The answer should match the entries that follow exactly, except that no image appears in it.
┏━━
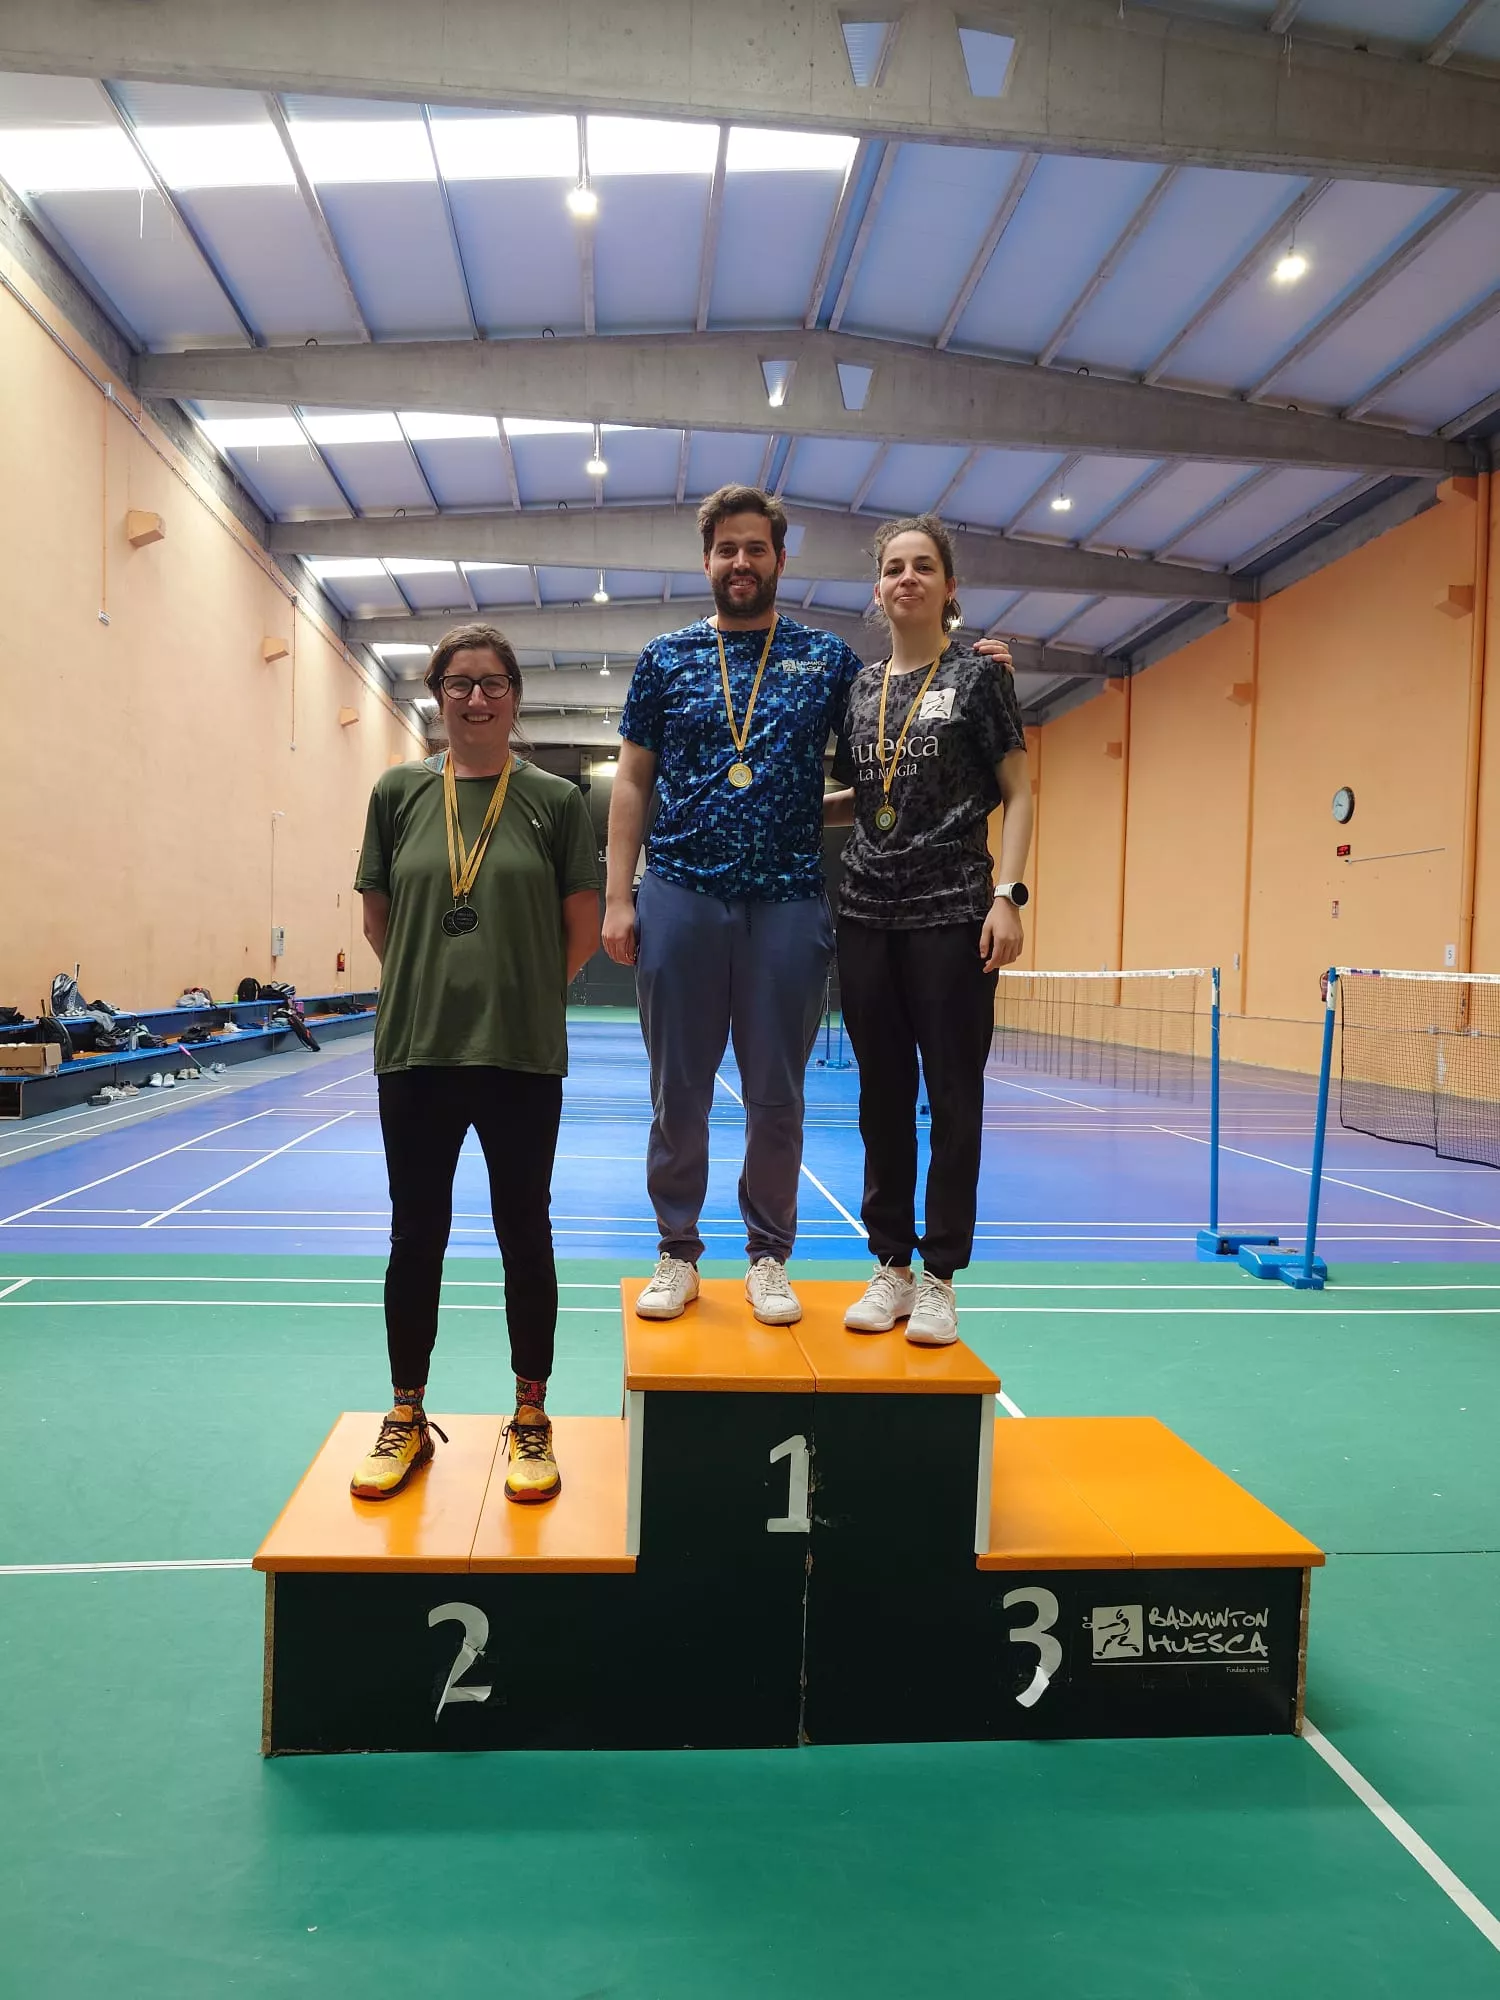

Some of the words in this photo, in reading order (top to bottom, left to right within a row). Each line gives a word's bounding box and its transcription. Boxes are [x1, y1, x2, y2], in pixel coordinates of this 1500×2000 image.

[767, 1435, 811, 1533] 1
[428, 1602, 492, 1723] 2
[1003, 1586, 1062, 1707] 3
[1149, 1631, 1269, 1657] HUESCA
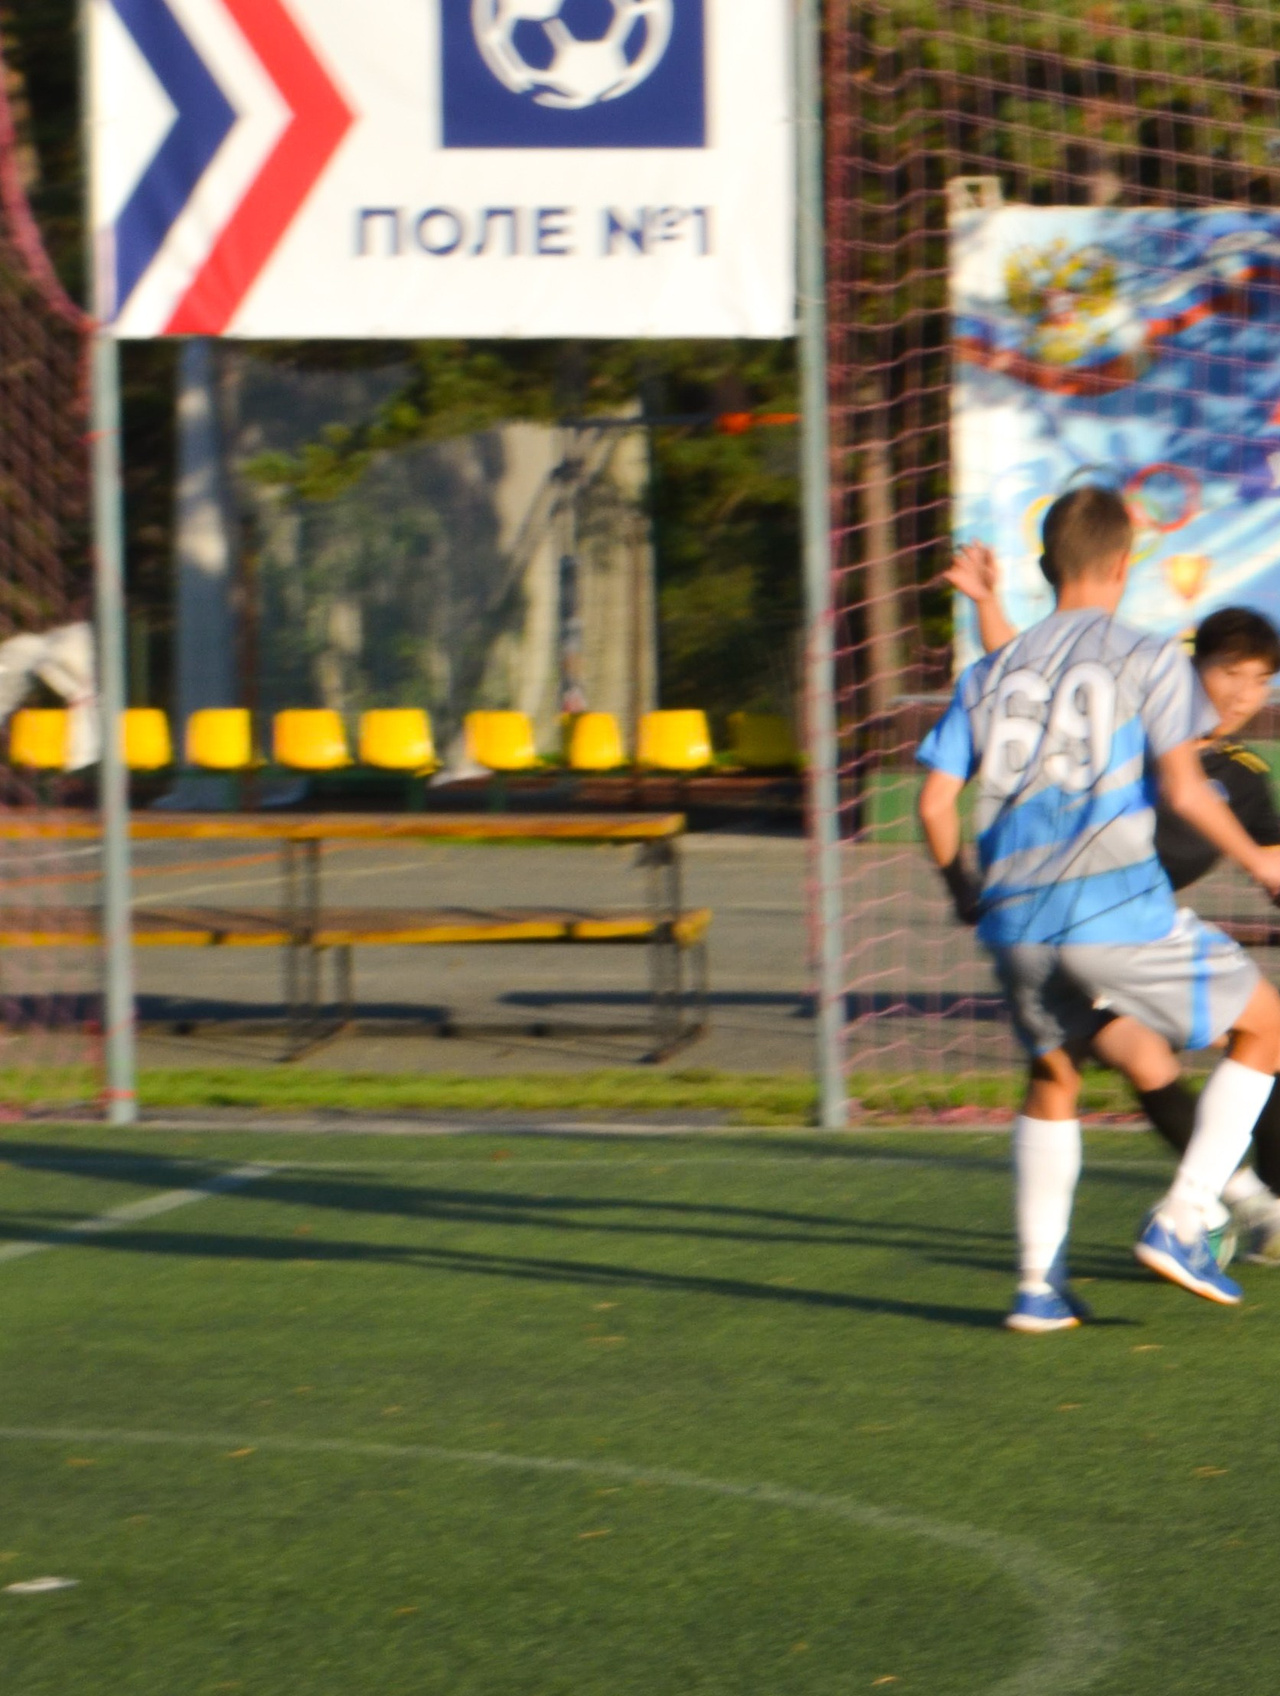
┗━━
EXPECTED ANSWER —
Some of the words in this photo, in reading order (top to bottom, left to right within a row). Each line gives a word's bounding box and its transcription. Boxes are [x1, y1, x2, y2], in pixel coordinates of this 1500×2000 image.

[767, 1435, 811, 1533] 1
[428, 1602, 492, 1723] 2
[1003, 1586, 1062, 1707] 3
[1149, 1631, 1269, 1657] HUESCA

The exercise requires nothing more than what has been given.